My life “up there” in upstate New York was a lot darker. Both of my siblings are addicted to opioids and have been in either active addiction or recovery for over a third of my life. For over a decade, sprinkled between nice family memories were those of overdoses, locked doors, screaming fits, and secrets pushed under box springs.

The people closest to me know about this life, but I have never liked telling anyone at work about my family. I didn’t want anyone to know about the tearful phone calls taken in stairwells, the real reason I had to work remotely for a week, plane tickets put on credit cards, or the bouts of panic I endured during Tuesday lunch hours when one of them went missing. I hated the idea that any of these things could affect the life “down here” I had worked so hard to create for myself, and I tried to hold onto my localized happiness no matter what. But feelings don’t work that way.

When you can’t save the people you love, the coping mechanisms you create for yourself might end up being a little unconventional. Which is why I follow the addiction stories of people I don’t know on Instagram, and generally procrastinate by consuming addiction content from internet strangers daily. Rather than upsetting or triggering me, it soothes me in a way that nothing else has really been able to, and it makes me feel closer to my sisters and their struggles.

Even before Instagram spirals and Wiki black holes, I had a penchant for falling into darker media content. None of my college friends understood how I could put Requiem for a Dream on as background noise, and later, how I could describe Euphoria as “relaxing.” If you perused my bookshelves, you would see dozens of addiction memoirs, from Bill Clegg’s Portrait of an Addict as a Young Man to Cat Marnell’s How to Murder Your Life. The truth was, I didn’t have any real examples of people with the same experiences as me. I went to 12-step meetings occasionally and found them helpful, but exhausting. And in normal life, no one talks about their addicted or alcoholic loved ones much—there’s still a lot of shame and embarrassment around it. But we all want to feel less alone. So, I turned to all the social media platforms I was already obsessed with.

Facebook is really only good for community groups now, and there is a group for everything. I found a 12-step group for friends and family of those living with addiction, and everything changed. Here were real people with identical stories to mine, hopeful and desperate and loving and angry. I could follow along from my couch, without sitting in empty church basements with bad coffee brewing. I watched as these people offered advice and bickered over what one woman should buy her meth-addicted husband for Christmas, the pros and cons of going to rehab family weekends, and how one mother could get custody of her grandson. I found the Addict’s Diary, a group that shows before and after photos and stories of relapse and recovery. I’d find photos of people whose before photos looked just like my sister now and feel a sweeping relief at the tearfully grinning after photos. That could be her someday. She could still have a life.

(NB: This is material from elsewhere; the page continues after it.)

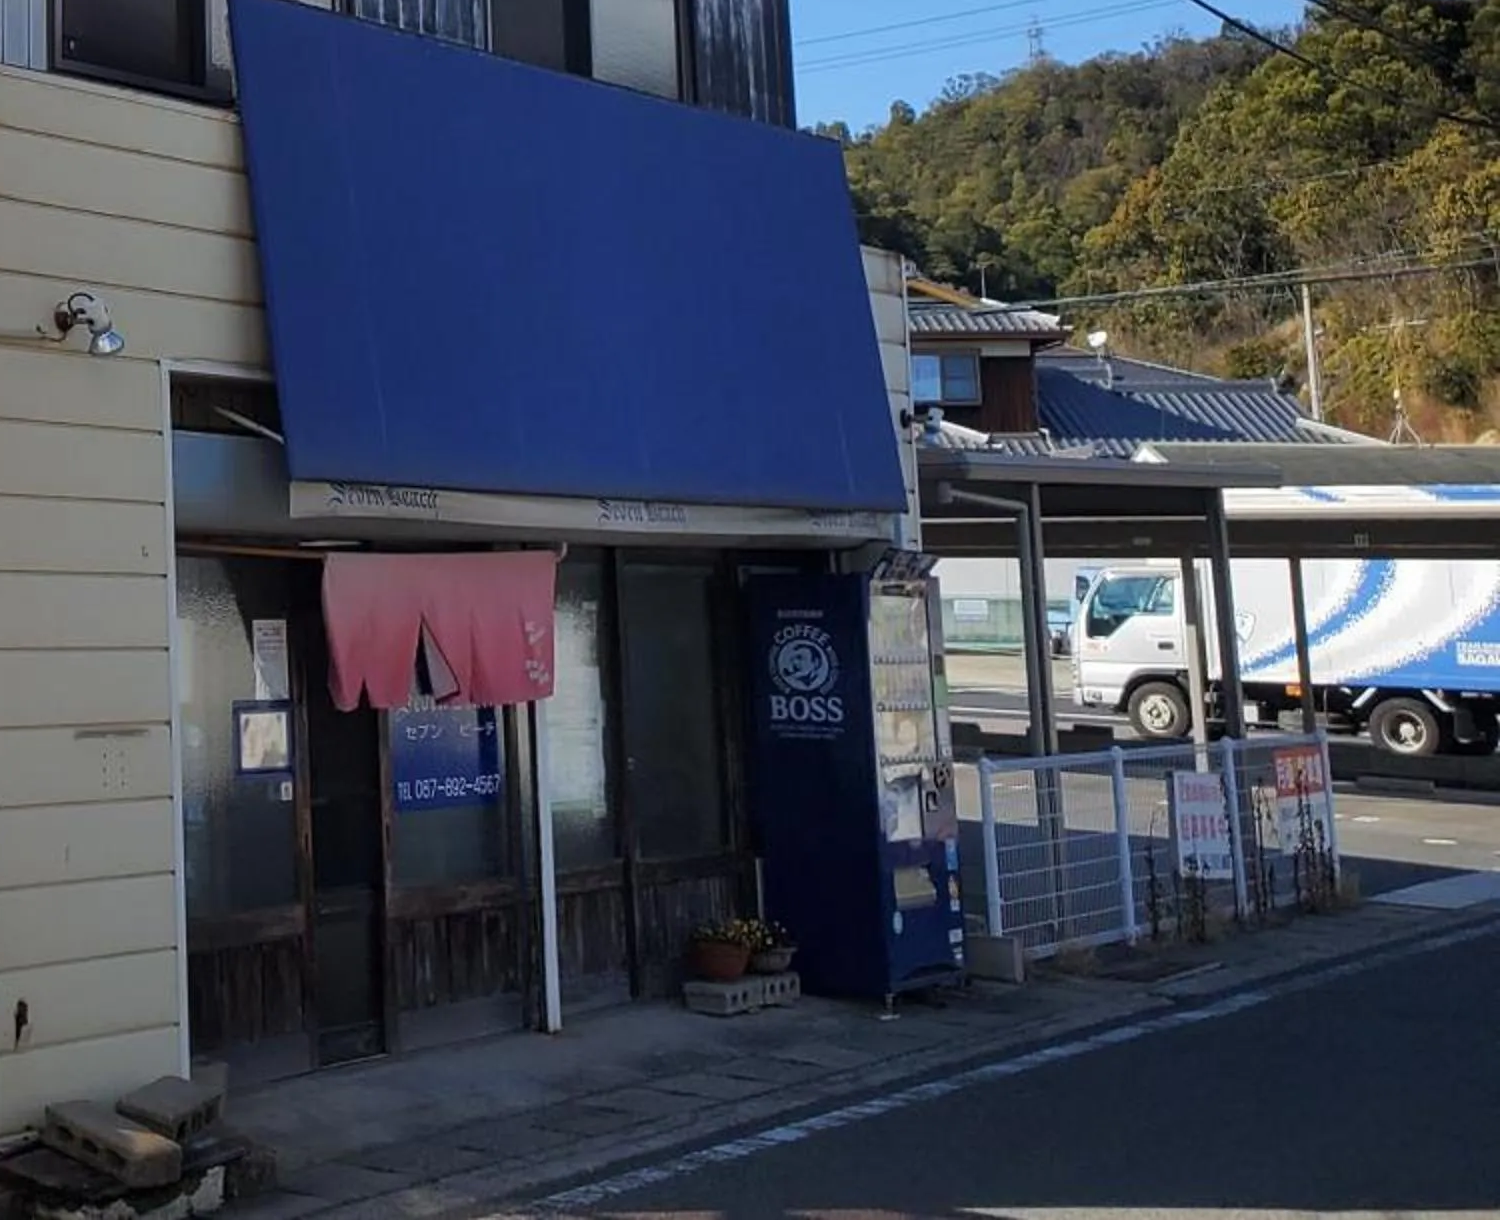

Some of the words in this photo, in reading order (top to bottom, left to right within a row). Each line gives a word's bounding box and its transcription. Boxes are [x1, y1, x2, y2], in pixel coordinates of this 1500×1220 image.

With some searching, I found addiction and recovery podcasts that were not overly psychological and distanced or paired with a logo of a pastel waterfall against a setting sun. Dopey Podcast is hosted by an anonymous addict in recovery (it used to be hosted by two, but the other died of an overdose in 2018) who interviews people navigating addiction about their war stories. The humor that is injected into the pain mirrors the way my own family has had to cope with our experiences. It’s refreshing and comforting to hear laughter surrounding terrible events, rather than the usual pitying eyes and anxious confusion I get from the people in my life who don’t get it.

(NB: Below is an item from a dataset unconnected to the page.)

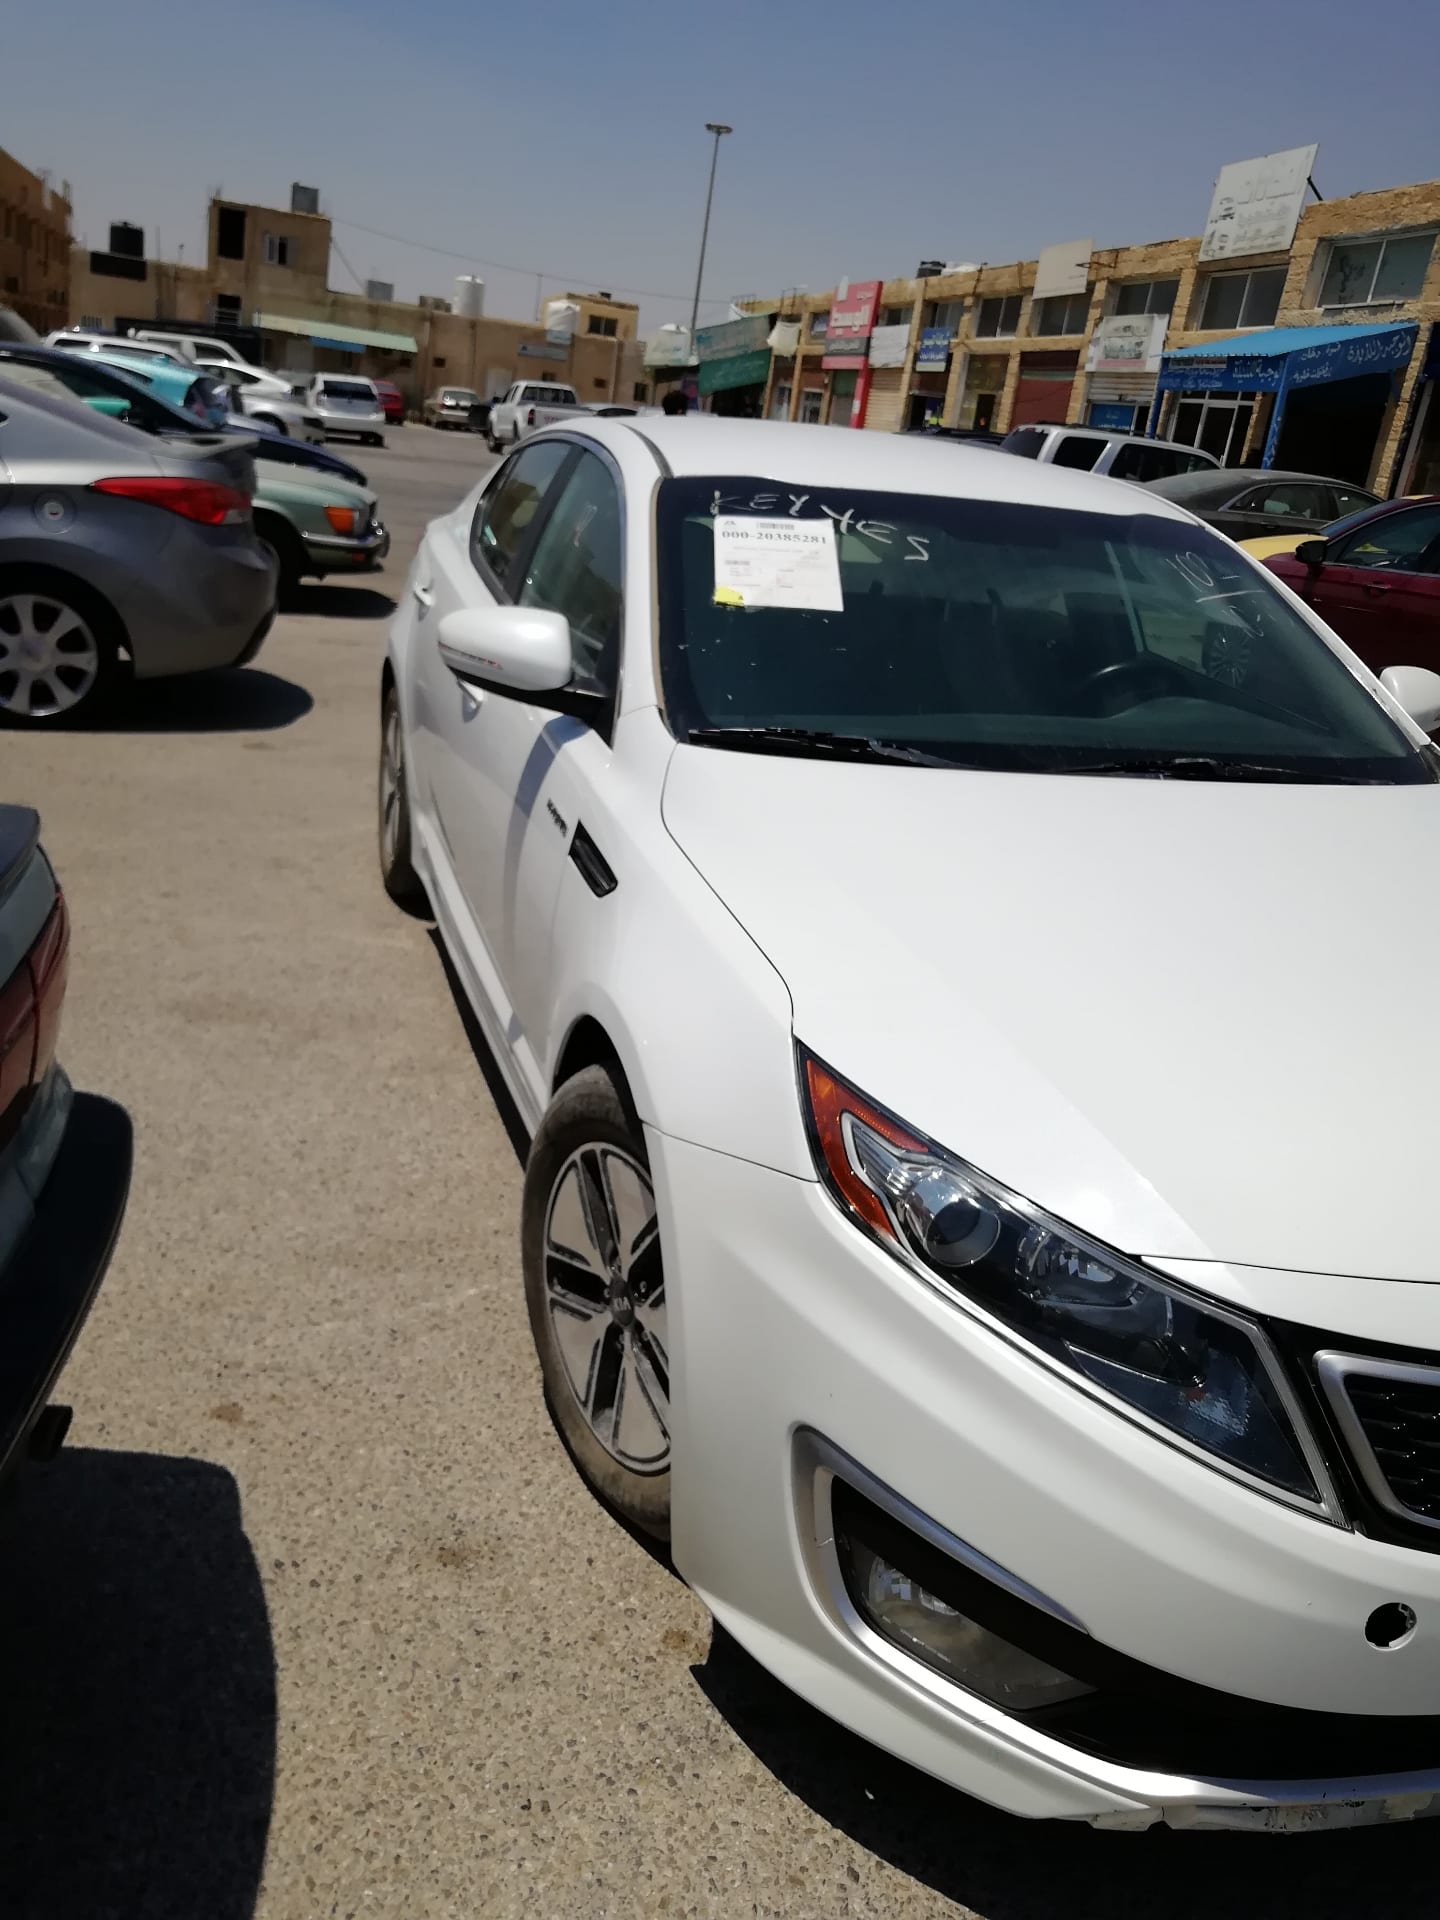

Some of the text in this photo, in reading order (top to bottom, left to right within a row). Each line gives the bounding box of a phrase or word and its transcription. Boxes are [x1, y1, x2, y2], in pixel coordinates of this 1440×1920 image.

[710, 490, 930, 561] KEY YES
[721, 530, 828, 545] 000-20385281

There are even meme accounts like @relapsedrichboi and @dankrecovery dedicated to poking fun of addiction in a way that is directed at Gen Z and millennials. I follow along, getting the humor from a distance and liking comments of people sharing “LOL this was me” or “two years clean today.” Through accounts like these, I started following actual addiction battlers who share experiences about using and then their struggle. Girls around the same age as my sisters, who clearly share the same drug of choice. When they don’t post for a while, I pray they’ve accepted help and gone to rehab. When they reappear, cleareyed and bored-looking, I am happy for them. I see their families tagged in photos, and stare into their siblings’ eyes. I know the pain that’s there. The fear. The tenuousness. The constant holding of breath. When one of them dies (because eventually, one of them will), I cry. I mourn. I understand the family’s sense of sadness, of relief, the haunted feeling that they never did enough to help save them.

I used to think that if I could just keep things separate, I wouldn’t have to admit that what I was actually feeling was guilt. My sisters look like me, talk like me, have the exact same humor and caffeine tolerance as me. We are very almost exactly the same. The fact that they are addicted and I am not—there was an element of chance to that. And although I know I worked hard for my life, somewhere in my blood, there was a possibility for me to have had a very different one. One less polished and shiny and easy. I can’t change that.

What I can change is pretending that I have two lives. I can stop putting pieces of myself in separate boxes, only looking into the darker one when it’s convenient. I can stare at all of myself, the “up there,” the “down here,” and the what could have been, at the exact same time, all the time.